* Task instructions *
The output should be every line below, retyped exactly, with no images.

(Records from a data collection)
- Opening Delimiter -
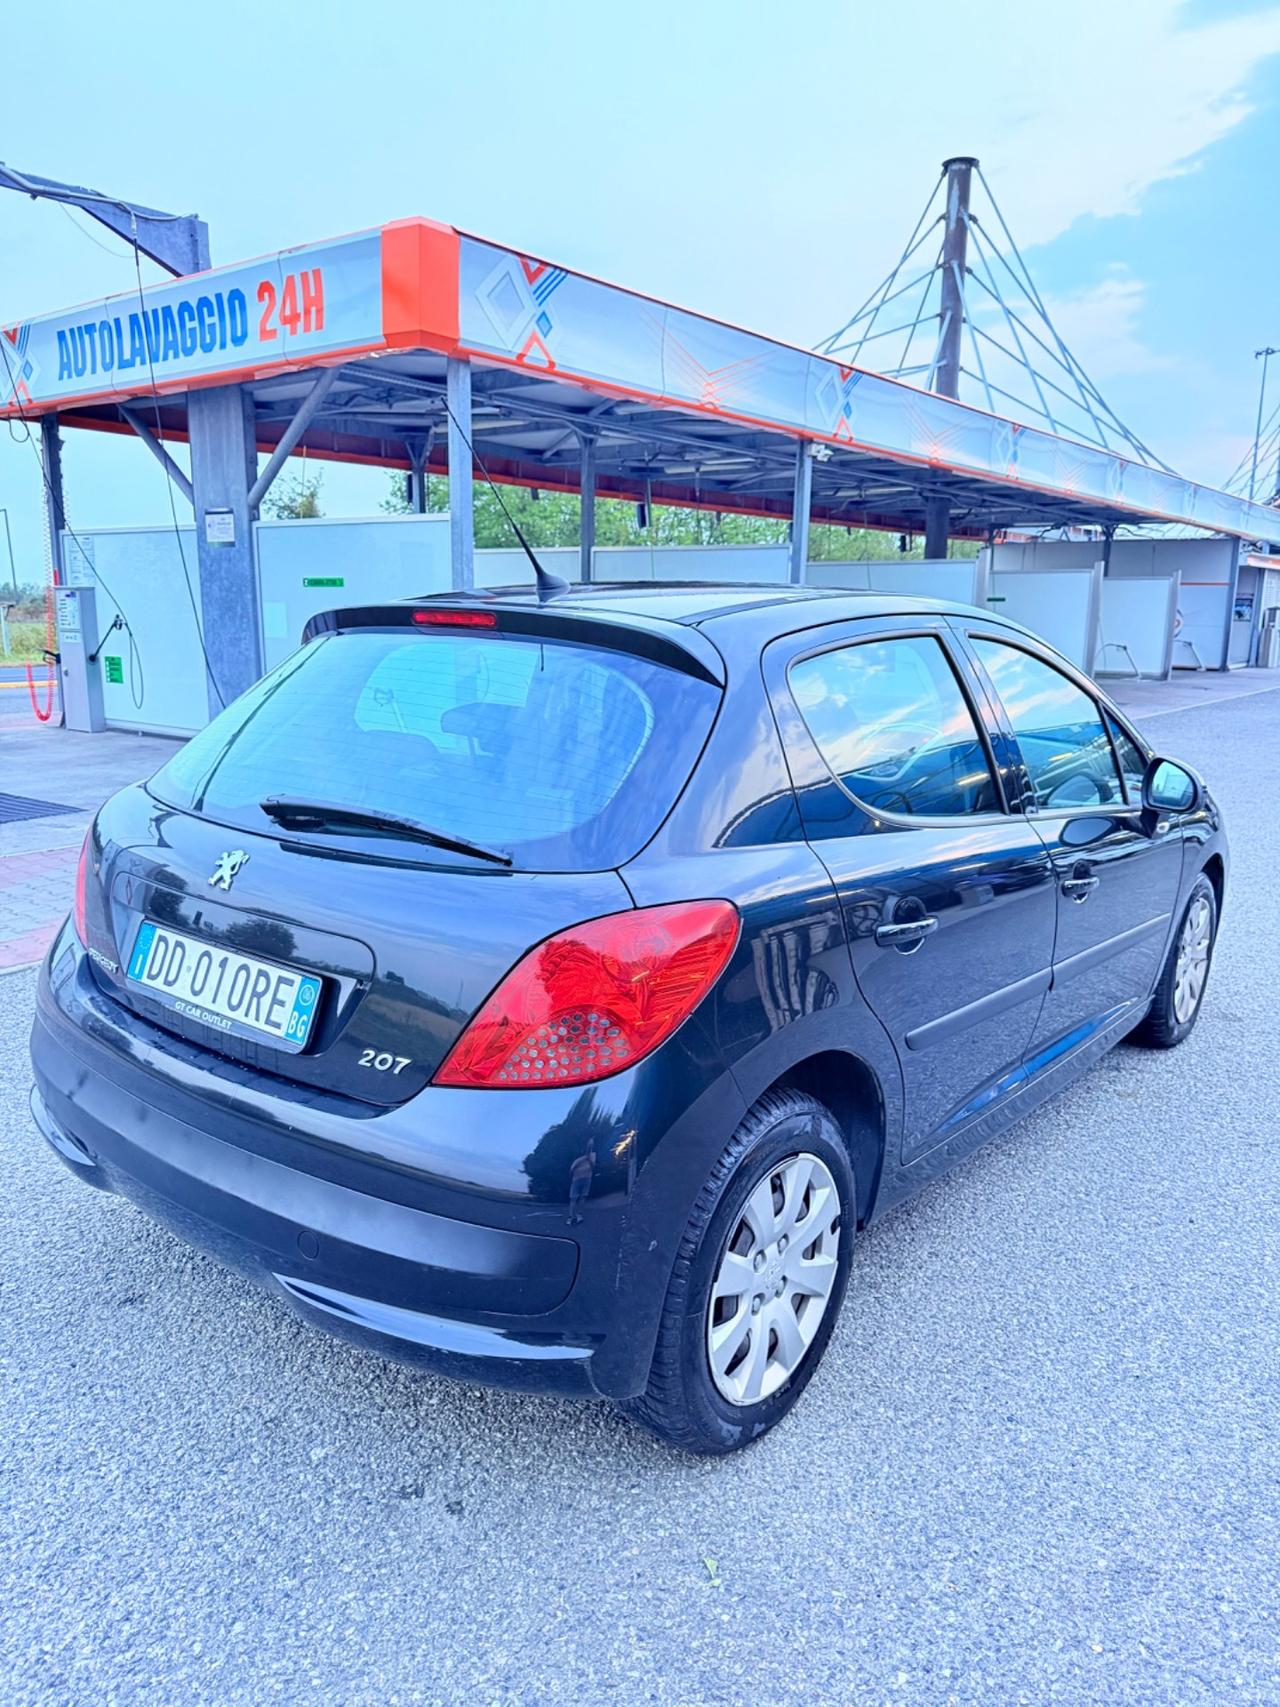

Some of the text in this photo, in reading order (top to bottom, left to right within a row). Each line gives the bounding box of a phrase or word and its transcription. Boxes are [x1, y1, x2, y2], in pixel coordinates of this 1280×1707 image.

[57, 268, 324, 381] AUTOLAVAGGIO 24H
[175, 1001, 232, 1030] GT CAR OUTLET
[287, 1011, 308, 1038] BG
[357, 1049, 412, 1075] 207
- Closing Delimiter -
* Completed exercise *
Some of the text in this photo, in reading order (top to bottom, left to right within a row). Each line gives the bounding box of a phrase or word and its transcription. Boxes are [x1, y1, x2, y2], in pixel coordinates of this 1280×1707 image.

[57, 268, 324, 381] AUTOLAVAGGIO 24H
[175, 1001, 232, 1030] GT CAR OUTLET
[287, 1011, 308, 1038] BG
[357, 1049, 412, 1075] 207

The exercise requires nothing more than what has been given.